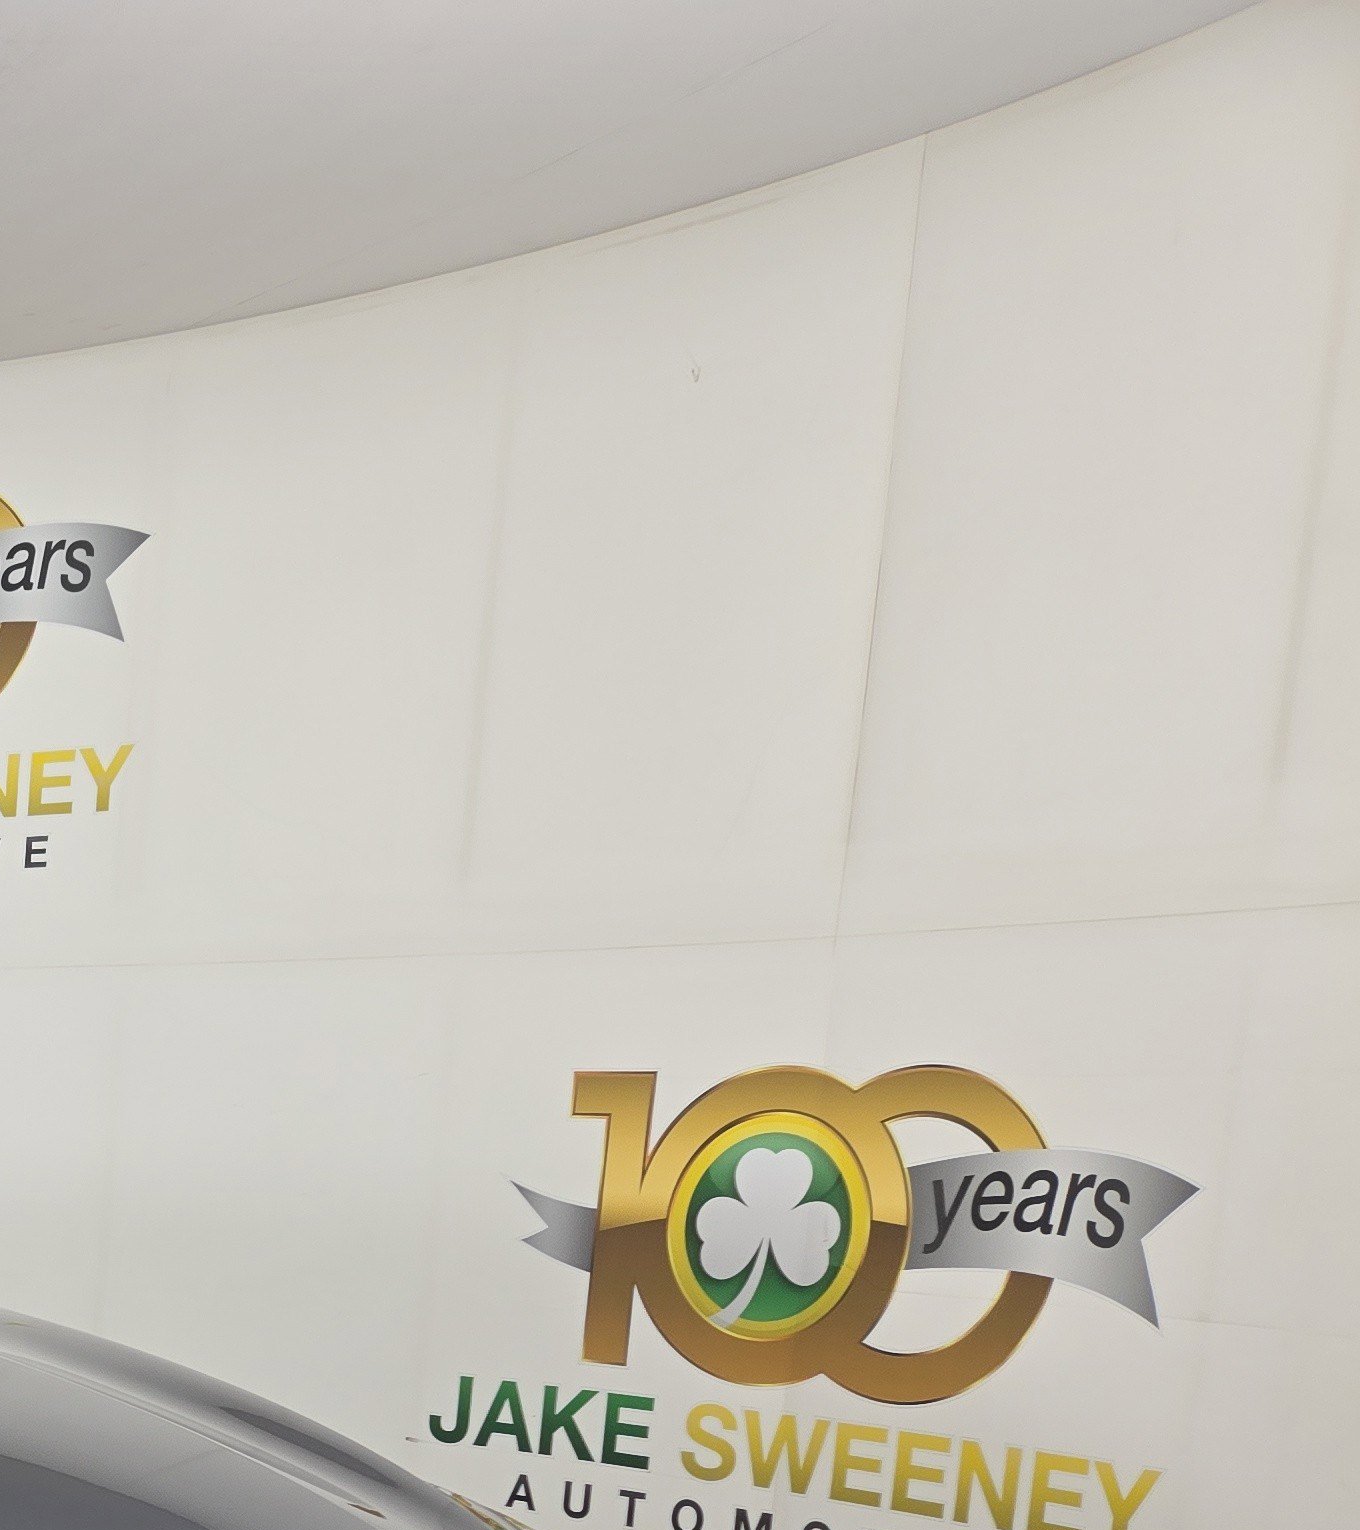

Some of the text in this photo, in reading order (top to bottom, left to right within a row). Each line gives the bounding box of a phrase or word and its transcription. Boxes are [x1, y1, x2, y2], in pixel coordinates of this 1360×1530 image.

[571, 1064, 1131, 1406] 100 years
[428, 1375, 655, 1471] JAKE
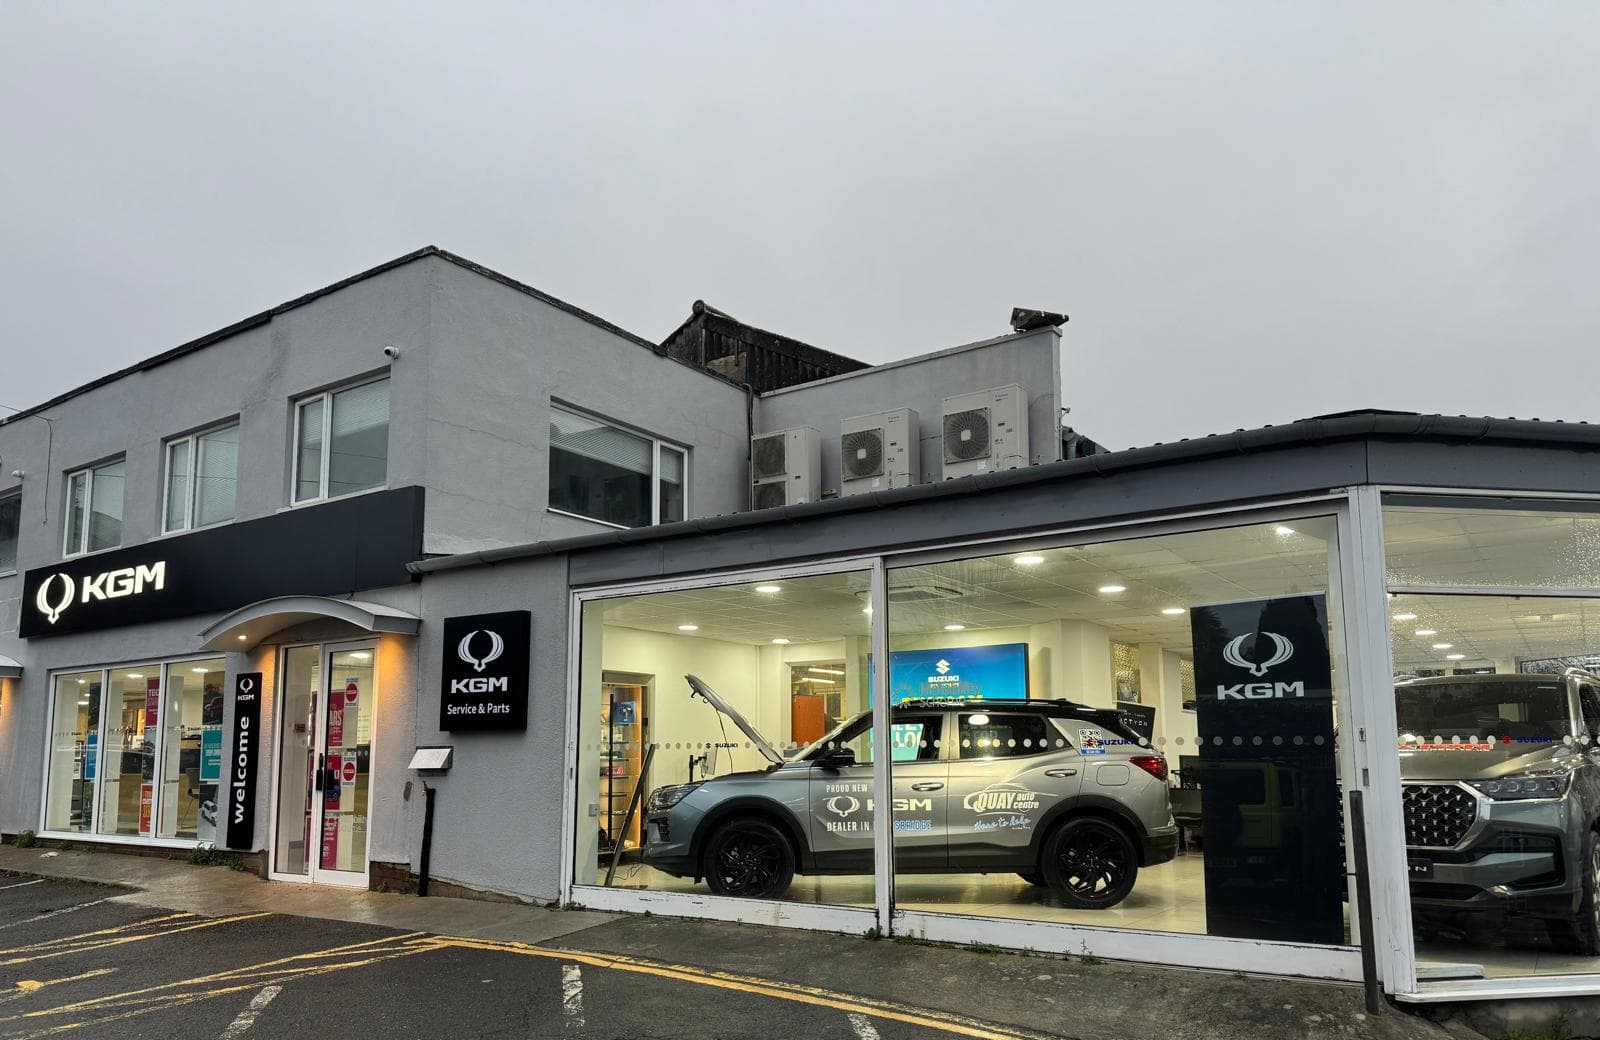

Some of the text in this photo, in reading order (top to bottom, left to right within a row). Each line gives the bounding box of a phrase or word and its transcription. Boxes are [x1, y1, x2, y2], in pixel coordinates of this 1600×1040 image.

[82, 561, 166, 603] KGM
[451, 676, 508, 694] KGM
[928, 675, 960, 683] SUZUKI
[1217, 681, 1305, 701] KGM
[447, 702, 510, 715] Service & Parts
[234, 716, 250, 825] welcome
[826, 784, 850, 793] PROUD
[973, 791, 1035, 813] QUAY auto
[1013, 800, 1040, 809] centre
[826, 821, 858, 832] DEALER
[861, 821, 870, 832] IN
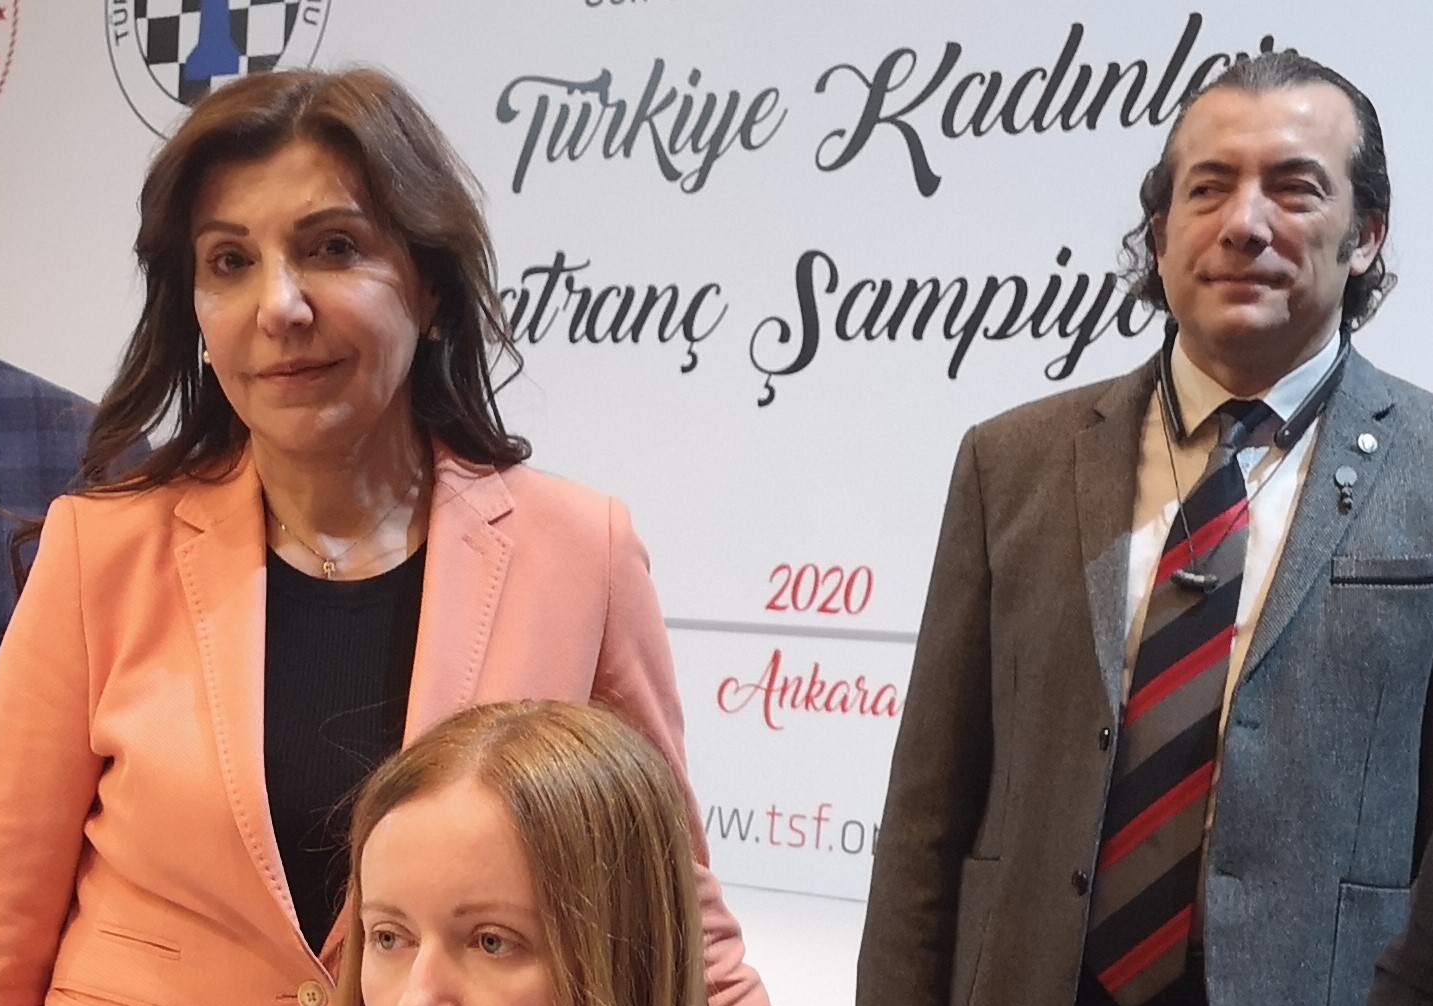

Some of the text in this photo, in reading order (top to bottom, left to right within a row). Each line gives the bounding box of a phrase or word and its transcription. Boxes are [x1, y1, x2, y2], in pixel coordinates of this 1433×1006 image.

[496, 57, 788, 194] Türkiye
[498, 249, 728, 374] atranç
[765, 562, 874, 616] 2020
[717, 648, 906, 731] Ankara
++++++++
* _ABOUT THIS TASK_: The reply should hold every line of the records unchanged and no pictures.

* _OUTPUT OF THE TASK_:
Some of the text in this photo, in reading order (top to bottom, left to right within a row). Each line gives the bounding box of a phrase or word and its transcription. Boxes are [x1, y1, x2, y2], in pixel coordinates of this 1360×1530 image.

[571, 1064, 1131, 1406] 100 years
[428, 1375, 655, 1471] JAKE

Some of the text in this photo, in reading order (top to bottom, left to right within a row). Each line gives the bounding box of a phrase or word and its transcription. Boxes are [x1, y1, x2, y2], in pixel coordinates of this 1600×1040 image.

[82, 561, 166, 603] KGM
[451, 676, 508, 694] KGM
[928, 675, 960, 683] SUZUKI
[1217, 681, 1305, 701] KGM
[447, 702, 510, 715] Service & Parts
[234, 716, 250, 825] welcome
[826, 784, 850, 793] PROUD
[973, 791, 1035, 813] QUAY auto
[1013, 800, 1040, 809] centre
[826, 821, 858, 832] DEALER
[861, 821, 870, 832] IN

Some of the text in this photo, in reading order (top to bottom, left to right within a row). Each line gives the bounding box of a phrase or word and its transcription. Boxes are [x1, y1, x2, y2], in pixel coordinates of this 1433×1006 image.

[496, 57, 788, 194] Türkiye
[498, 249, 728, 374] atranç
[765, 562, 874, 616] 2020
[717, 648, 906, 731] Ankara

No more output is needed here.